While on the surface this looks like a regular CSV file, when you try to open
it with the Python CSV library, or Pandas, or R's ``read_csv``, or even
``readr:read_csv``, the data is not loaded correctly. This happens because the
CSV file uses an escape character ``\`` for movie names that have commas in
them and the CSV readers don't automatically detect this variation in the CSV
format.  It turns out that this is quite a common issue for data scientists:
CSV files are often messy and use an uncommon *dialect*: such as strange delimiters and
uncommon quote characters.  Collectively, data scientists waste quite
some time on these data wrangling issues where manual intervention is needed.
But this problem is also not that easy to solve: to a computer a CSV file is
simply a long string of characters and every dialect will give you *some*
table, so how do we determine the dialect accurately in general?

Recently, researchers from the Alan Turing Institute have presented a method
that achieves 97% accuracy on a large corpus of CSV files, with an improvement
of 21% over existing approaches on non-standard CSV files. This research was
made reproducible through the use of Make and is available through an online
repository:
[https://github.com/alan-turing-institute/CSV_Wrangling](https://github.com/alan-turing-institute/CSV_Wrangling).

Below we will briefly describe what the Makefile for such a project looks
like.  For the complete file, please see the repository. The Makefile consists
of several sections:

1. Data collection: because the data is collected from public sources, the
   repository contains a Python script that allows anyone to download the data
   through a simple ``make data`` command.

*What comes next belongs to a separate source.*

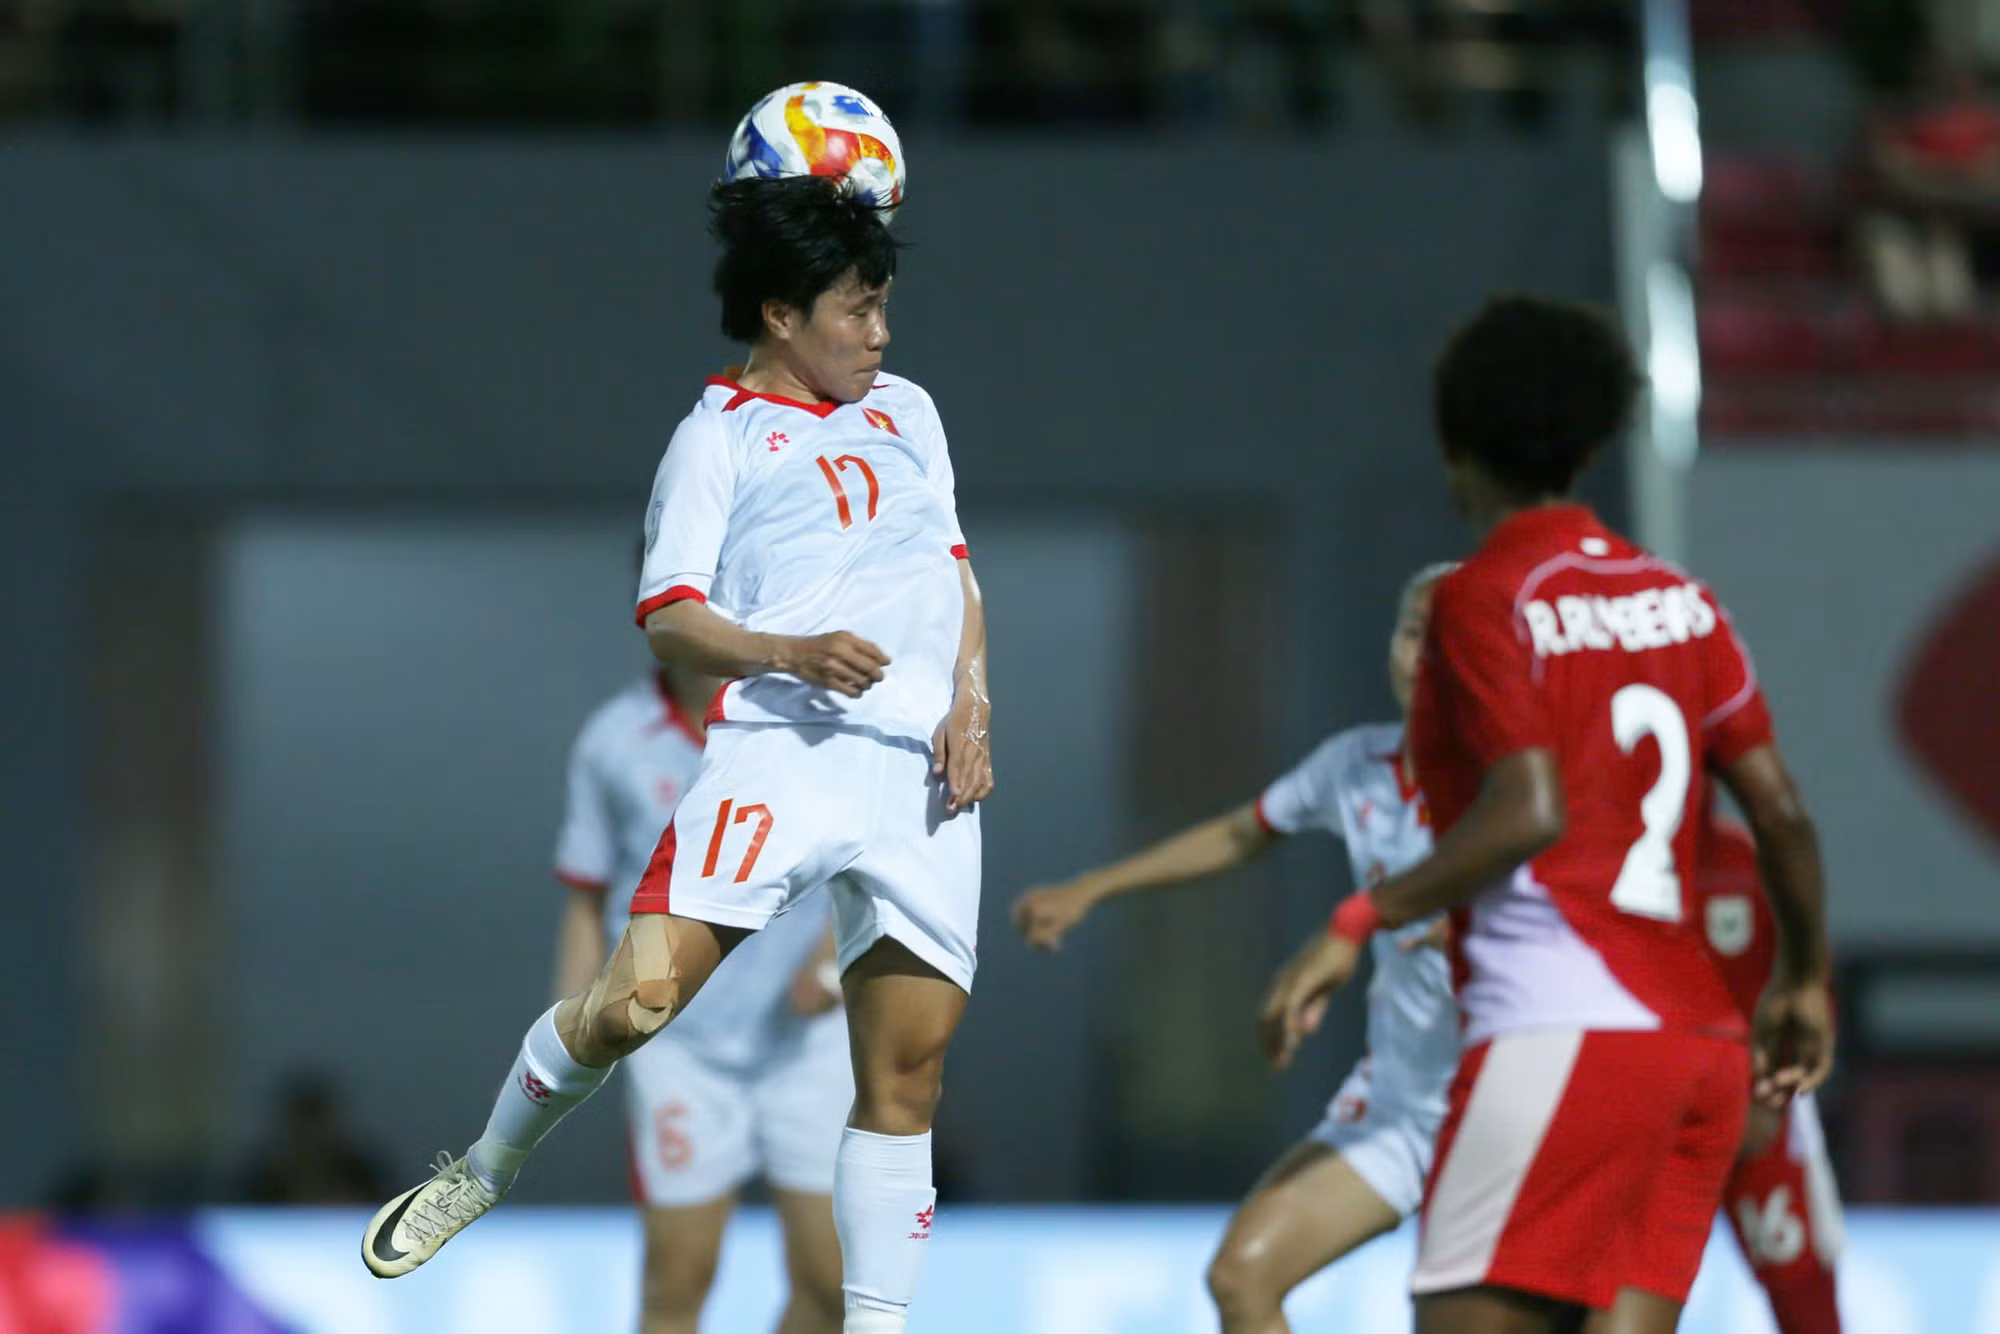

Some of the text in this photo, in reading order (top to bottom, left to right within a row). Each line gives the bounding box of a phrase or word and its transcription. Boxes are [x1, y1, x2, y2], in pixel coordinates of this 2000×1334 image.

2. All the figures, tables, and constants used in the paper are generated
   based on the results from the experiments. To make it easy to recreate all
   results of a certain type, ``.PHONY`` targets are included that depend on
   all results of that type (so you could run ``make figures``). The rules for
   these outputs follow the same pattern as those for the figures in the
   tutorial above.  Tables are created as LaTeX files so they can be directly
   included in the LaTeX source for the manuscript.

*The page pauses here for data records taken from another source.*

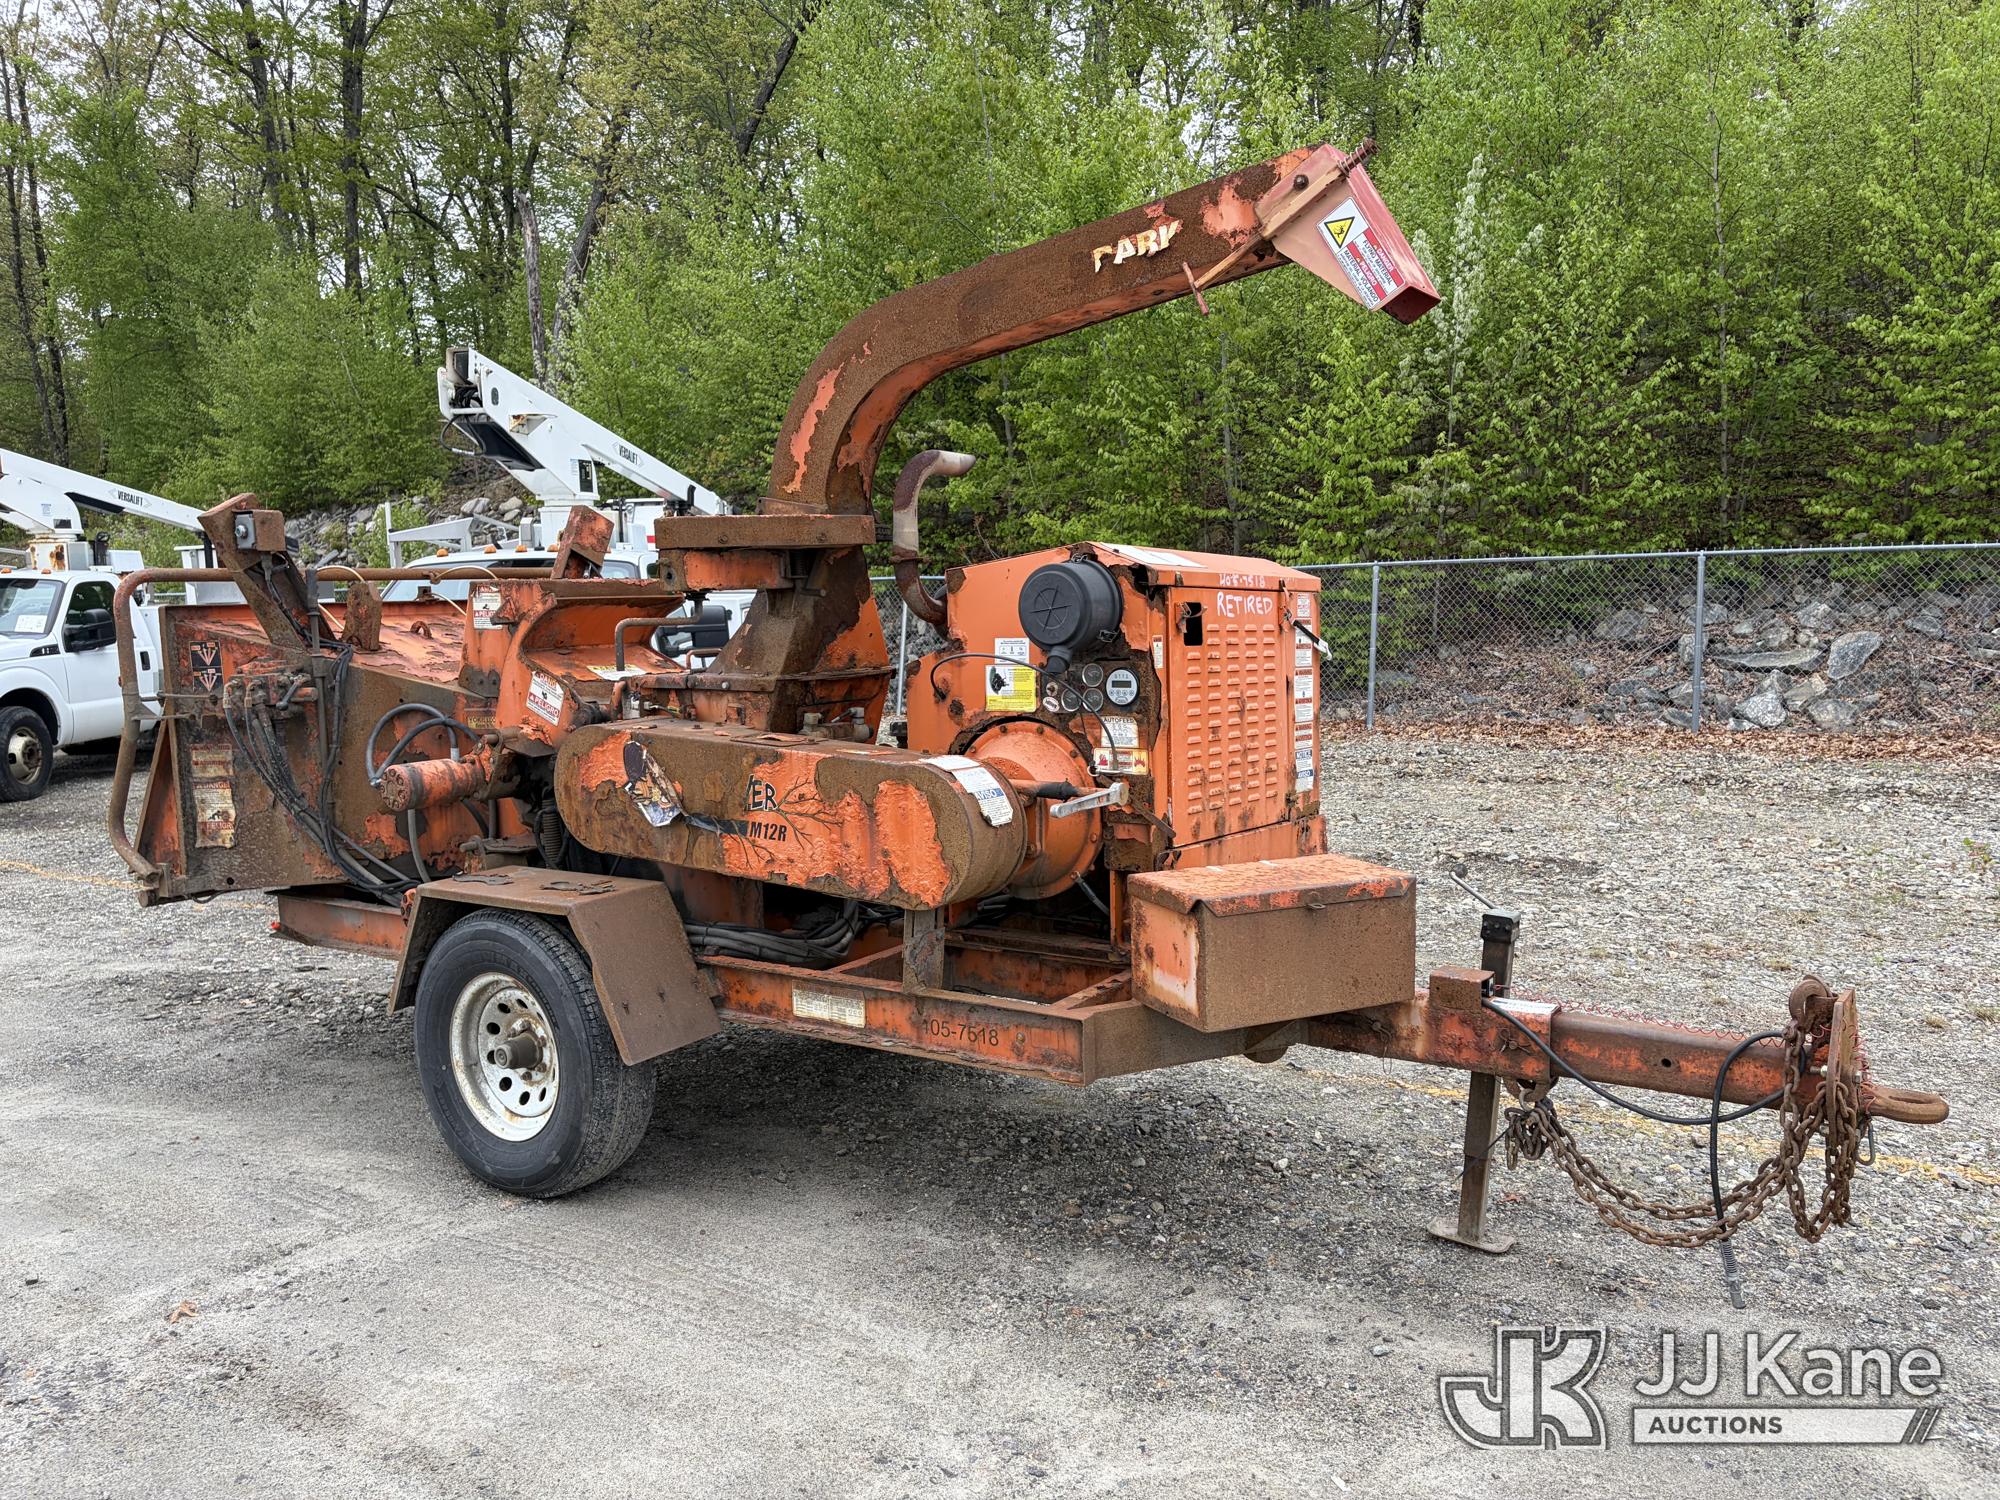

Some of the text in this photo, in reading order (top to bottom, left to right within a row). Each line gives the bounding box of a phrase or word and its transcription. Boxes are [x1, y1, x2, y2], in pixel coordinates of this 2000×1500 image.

[1363, 240, 1393, 285] FLYING MATERIAL
[1376, 248, 1394, 272] DANGER
[1344, 250, 1362, 276] MATERIAL
[1360, 276, 1379, 302] VOLANDO
[1359, 261, 1377, 286] PELIGRO
[117, 490, 144, 507] VERSALIFT
[1217, 592, 1273, 617] RETIRED
[534, 698, 559, 717] PELIGRO
[976, 790, 997, 801] AVISO
[750, 821, 787, 842] M12R

3. The rules for the detection results follow a specific signature:

   ```makefile
   $(OUT_DETECT)/out_sniffer_%.json: $(OUT_PREPROCESS)/all_files_%.txt
   	python $(SCRIPT_DIR)/run_detector.py sniffer $(DETECTOR_OPTS) $< $@
   ```

   The ``%`` symbol is used to create outputs for both sources of CSV files
   with a single rule in {ref}`rr-make-examples-patternrules` and the rule 
   uses in {ref}`rr-make-examples-automaticvar` to extract the input and 
   output filenames.

4. Some of the cleaning rules will remove output files that take a while to
   create.  Therefore, these depend on a special ``check_clean`` target that
   asks the user to confirm before proceeding:

   ```makefile
   check_clean:
   	@echo -n "Are you sure? [y/N]" && read ans && [ $$ans == y ]
   ```

It is important to emphasize that this file was not created in one go, but was
constructed iteratively. The Makefile started as a way to run several dialect
detection methods on a collection of input files and gradually grew to include
the creation of figures and tables from the result files. Thus the advice for
using Make for reproducibility is to *start small and start early*.

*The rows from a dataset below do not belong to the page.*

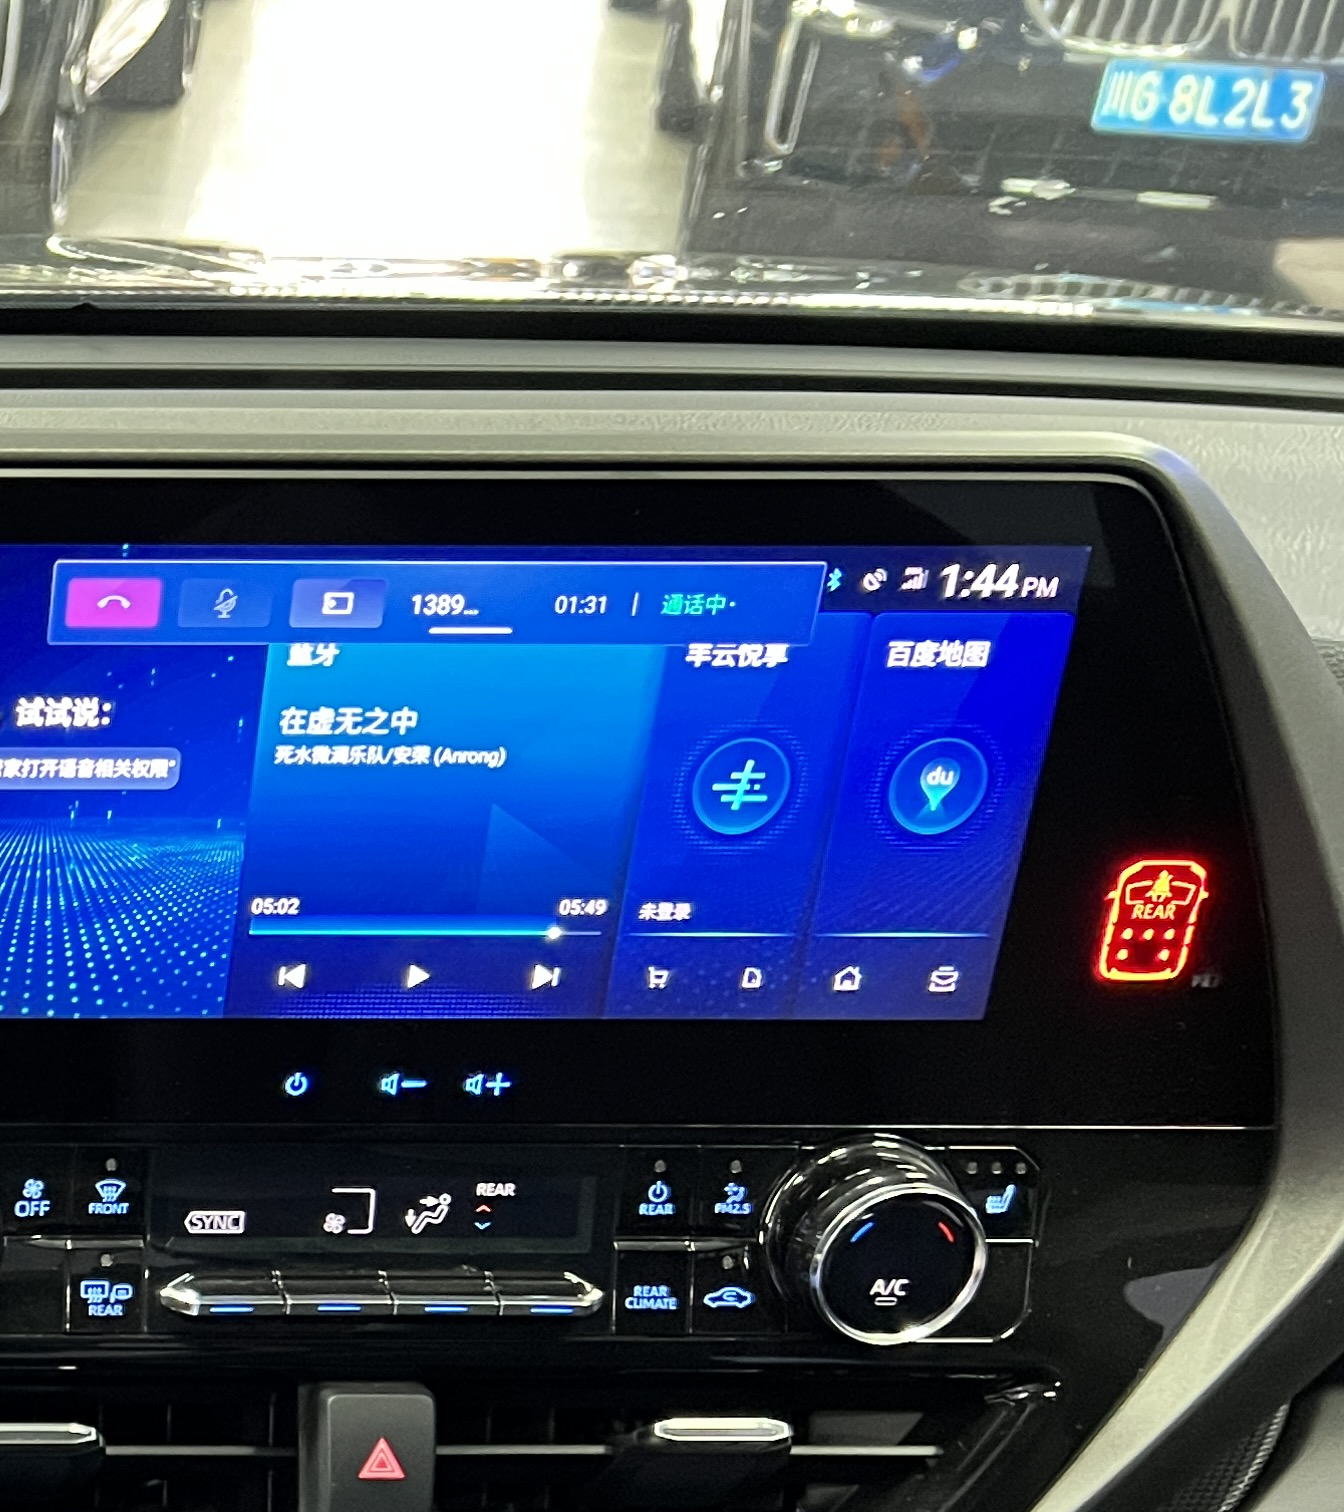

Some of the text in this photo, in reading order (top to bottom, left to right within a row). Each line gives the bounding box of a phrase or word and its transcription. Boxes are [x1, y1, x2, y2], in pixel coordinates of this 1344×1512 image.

[940, 564, 1059, 599] 1:44 PM
[555, 595, 607, 615] 01:31
[887, 640, 991, 668] 百度地图
[279, 706, 418, 735] 在虚无之中
[251, 897, 300, 916] 05:02
[559, 897, 608, 916] 05:49
[1132, 904, 1175, 921] REAR
[476, 1182, 516, 1197] REAR
[14, 1201, 51, 1217] OFF
[88, 1202, 129, 1215] FRONT
[639, 1203, 674, 1215] REAR
[190, 1215, 240, 1231] SYNC
[633, 1285, 667, 1297] REAR
[870, 1279, 909, 1297] A/C
[88, 1304, 123, 1317] REAR
[625, 1297, 677, 1310] CLIMATE

The published Makefile in the repository does not contain the paper, but this
*is* included in the internal Makefile and follows the same structure as the
``report.pdf`` file in the tutorial above. This proved especially useful for
collaboration as only a single repository needed to be shared that contains
the code, the results, and the manuscript.